#VU122823 Type confusion in jsonwebtoken - CVE-2026-25537
Published: February 13, 2026
Vulnerability identifier: #VU122823
Vulnerability risk: Medium
CVSSv4.0: CVSS:4.0/AV:N/AC:L/AT:P/PR:N/UI:N/VC:L/VI:L/VA:N/SC:N/SI:N/SA:N/E:U/U:Green
CVE-ID: CVE-2026-25537
CWE-ID: CWE-843
Exploitation vector: Remote access
Exploit availability:
No public exploit available
Vulnerable software:
jsonwebtoken
jsonwebtoken
Software vendor:
Vincent Prouillet
Vincent Prouillet
Description
The vulnerability allows a remote attacker to bypass authorization checks.

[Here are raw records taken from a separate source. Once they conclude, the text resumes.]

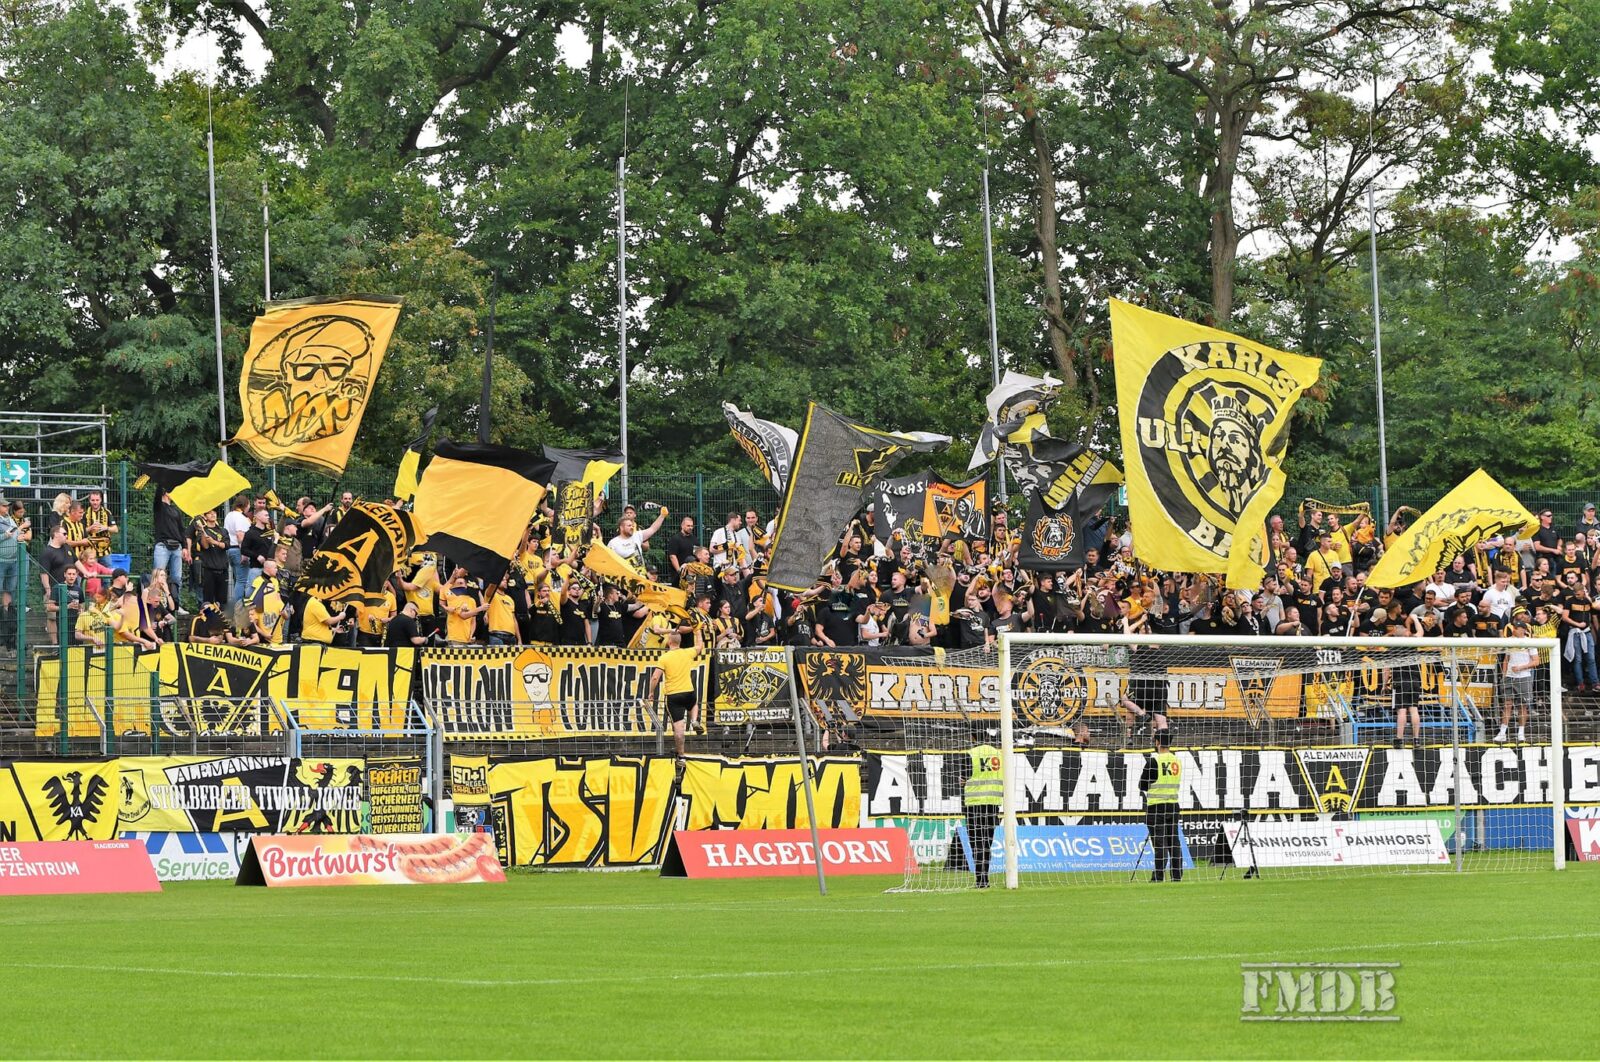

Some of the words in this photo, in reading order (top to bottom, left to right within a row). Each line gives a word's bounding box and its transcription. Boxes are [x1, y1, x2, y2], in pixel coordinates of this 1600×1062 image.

[1170, 342, 1300, 399] KARLS
[186, 643, 263, 668] ALEMANNIA
[1236, 658, 1278, 668] ALEMANNIA
[206, 667, 232, 695] A
[423, 663, 514, 732] YELLOW
[870, 673, 1001, 712] KARLS
[1064, 686, 1088, 698] RAS
[720, 710, 745, 722] UND
[747, 708, 790, 721] VEREIN
[1303, 751, 1364, 761] ALEMANNIA
[176, 756, 288, 784] ALEMANNIA
[979, 757, 1001, 773] K9
[1161, 761, 1180, 777] K9
[370, 769, 419, 785] FREIHEIT
[465, 780, 487, 788] REGEL
[149, 785, 252, 811] STOLBERGER
[255, 785, 311, 811] TIVOLI
[314, 786, 362, 812] JONGE
[371, 794, 420, 805] SICHERHEIT
[371, 806, 381, 815] ZU
[398, 813, 420, 822] BEIDES
[489, 757, 677, 867] TSV
[373, 824, 383, 834] ZU
[384, 822, 421, 833] VERLIEREN
[1240, 836, 1329, 848] PANNHORST
[1346, 833, 1432, 846] PANNHORST
[701, 840, 893, 868] HAGEDORN
[1389, 848, 1436, 856] ENTSORGUNG
[263, 844, 398, 878] Bratwurst
[1068, 861, 1132, 869] Telekommunikation

The vulnerability exists due to a type confusion error when parsing standard claims in an incorrect format. If a claim is provided with an incorrect JSON type, the application's internal parsing mechanism marks the claim as "FailedToParse" and the validation logic treats this state identically to "NotPresent". If this check is enabled, e.g. "validate_nbf = true" but the claim is not explicitly marked as required in required_spec_claims, the library will skip the validation check entirely for the malformed claim. A remote attacker can bypass authorization checks and gain unauthorized access to the application.
Remediation
Install updates from vendor's website.